僕達は騎士学校に入学するショボンを送ってソクホウに向かう最中だ。
途中で寄ったメシューマの町で偶然再会したミルナさん達3人の冒険者を乗せ、現在は7人旅である。

( ゚д゚)「ともかく、俺も助けに行こう」

( ゚д゚)「守りは頼むぞ、ブーン。それと寝ているジョルジュ達も起こしてくれ」

333 名前:名も無きAAのようです 投稿日:2012/03/19(月) 23:13:41 ID:pOxVQJsE0

( ^ω^)「わかりましたお。わんお、馬車に入ってるお」

(∪^ω^)「わんお!」

僕は馬車を止め、御者台から馬車内に入り、先日の夜番で未だ就寝中だったジョルジュさん達を起こし、状況を説明する。
  _
( ゚∀゚)「チッ、出遅れたか。まあ、いいや。

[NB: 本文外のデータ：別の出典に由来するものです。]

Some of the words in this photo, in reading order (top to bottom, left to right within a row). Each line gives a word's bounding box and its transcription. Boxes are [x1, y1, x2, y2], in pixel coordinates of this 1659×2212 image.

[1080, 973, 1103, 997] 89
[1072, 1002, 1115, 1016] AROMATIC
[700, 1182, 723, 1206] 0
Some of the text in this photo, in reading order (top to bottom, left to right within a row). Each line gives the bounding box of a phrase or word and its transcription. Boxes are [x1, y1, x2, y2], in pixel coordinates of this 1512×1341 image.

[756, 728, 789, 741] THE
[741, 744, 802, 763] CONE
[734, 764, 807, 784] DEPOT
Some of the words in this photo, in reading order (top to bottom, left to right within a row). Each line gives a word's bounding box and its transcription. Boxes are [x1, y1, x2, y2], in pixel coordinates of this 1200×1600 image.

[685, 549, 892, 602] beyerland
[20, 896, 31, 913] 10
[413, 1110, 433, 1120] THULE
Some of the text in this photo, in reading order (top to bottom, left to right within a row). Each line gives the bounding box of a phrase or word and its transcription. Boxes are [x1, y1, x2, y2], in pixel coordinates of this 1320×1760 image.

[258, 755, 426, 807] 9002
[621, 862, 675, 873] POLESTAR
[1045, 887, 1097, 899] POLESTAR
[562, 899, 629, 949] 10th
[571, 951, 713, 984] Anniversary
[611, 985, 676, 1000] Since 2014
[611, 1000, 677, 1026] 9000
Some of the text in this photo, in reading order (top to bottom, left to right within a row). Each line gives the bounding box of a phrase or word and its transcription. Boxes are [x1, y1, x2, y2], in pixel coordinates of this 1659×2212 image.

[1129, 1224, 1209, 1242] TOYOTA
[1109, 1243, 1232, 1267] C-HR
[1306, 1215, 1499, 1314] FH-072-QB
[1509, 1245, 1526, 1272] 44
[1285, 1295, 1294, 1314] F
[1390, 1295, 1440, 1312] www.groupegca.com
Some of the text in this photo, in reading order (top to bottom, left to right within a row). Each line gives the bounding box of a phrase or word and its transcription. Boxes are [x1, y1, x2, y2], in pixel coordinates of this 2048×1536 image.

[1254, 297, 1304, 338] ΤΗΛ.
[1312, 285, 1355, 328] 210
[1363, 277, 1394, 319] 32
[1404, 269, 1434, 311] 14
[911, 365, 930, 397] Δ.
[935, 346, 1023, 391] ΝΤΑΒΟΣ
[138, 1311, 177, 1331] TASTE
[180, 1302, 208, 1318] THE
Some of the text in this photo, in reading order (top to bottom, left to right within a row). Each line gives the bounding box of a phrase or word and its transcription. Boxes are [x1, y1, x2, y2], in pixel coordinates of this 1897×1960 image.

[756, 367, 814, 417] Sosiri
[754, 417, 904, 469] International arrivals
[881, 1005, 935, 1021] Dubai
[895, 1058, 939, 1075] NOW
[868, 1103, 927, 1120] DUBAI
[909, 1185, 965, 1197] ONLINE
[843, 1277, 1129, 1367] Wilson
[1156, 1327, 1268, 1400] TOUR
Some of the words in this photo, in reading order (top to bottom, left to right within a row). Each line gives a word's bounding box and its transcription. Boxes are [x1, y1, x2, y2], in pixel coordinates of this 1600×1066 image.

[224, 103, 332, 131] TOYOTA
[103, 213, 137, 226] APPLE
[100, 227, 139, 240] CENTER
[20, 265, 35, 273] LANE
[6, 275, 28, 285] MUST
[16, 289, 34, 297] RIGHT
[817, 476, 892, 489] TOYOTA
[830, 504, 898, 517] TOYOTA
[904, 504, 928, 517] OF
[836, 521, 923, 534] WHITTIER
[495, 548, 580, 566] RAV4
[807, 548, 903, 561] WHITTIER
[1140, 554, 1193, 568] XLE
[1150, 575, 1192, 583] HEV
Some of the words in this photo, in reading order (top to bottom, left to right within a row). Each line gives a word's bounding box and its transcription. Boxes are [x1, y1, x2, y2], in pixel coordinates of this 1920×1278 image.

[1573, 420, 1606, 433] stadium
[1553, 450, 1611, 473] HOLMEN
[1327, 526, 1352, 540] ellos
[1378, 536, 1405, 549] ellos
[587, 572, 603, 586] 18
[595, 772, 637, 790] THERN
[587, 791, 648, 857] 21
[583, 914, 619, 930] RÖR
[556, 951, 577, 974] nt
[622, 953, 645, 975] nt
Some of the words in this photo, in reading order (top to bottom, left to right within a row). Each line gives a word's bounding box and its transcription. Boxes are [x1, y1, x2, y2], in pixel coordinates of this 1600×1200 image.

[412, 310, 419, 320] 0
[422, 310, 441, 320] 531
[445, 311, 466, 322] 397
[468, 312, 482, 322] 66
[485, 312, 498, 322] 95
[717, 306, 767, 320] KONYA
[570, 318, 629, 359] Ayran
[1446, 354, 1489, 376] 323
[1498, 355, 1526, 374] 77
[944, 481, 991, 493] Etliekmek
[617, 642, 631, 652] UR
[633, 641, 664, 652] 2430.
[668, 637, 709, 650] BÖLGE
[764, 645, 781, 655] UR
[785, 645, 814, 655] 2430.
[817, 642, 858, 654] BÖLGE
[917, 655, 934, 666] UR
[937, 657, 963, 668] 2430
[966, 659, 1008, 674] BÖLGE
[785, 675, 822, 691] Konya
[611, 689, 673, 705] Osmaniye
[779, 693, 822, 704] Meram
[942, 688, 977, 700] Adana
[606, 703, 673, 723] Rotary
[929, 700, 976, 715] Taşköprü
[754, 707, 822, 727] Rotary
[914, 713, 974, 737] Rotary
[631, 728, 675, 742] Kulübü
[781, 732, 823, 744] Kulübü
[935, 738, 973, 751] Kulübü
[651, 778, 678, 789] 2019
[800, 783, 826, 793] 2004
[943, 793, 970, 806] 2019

あいつらなら大丈夫だろ」

(´・ω・`)「僕もここで馬車番という事だね」

( ^ω^)「僕はちょっと状況見に行って来ますんで、よろしくお願いしますお」

ミルナさんからは馬車の番を頼まれたが、ジョルジュさんがいるなら僕はいなくても大丈夫だろう。
ミルナさん達の方もその辺の盗賊相手なら問題はないと思うが、数はいるだろうし、念の為援護に回る。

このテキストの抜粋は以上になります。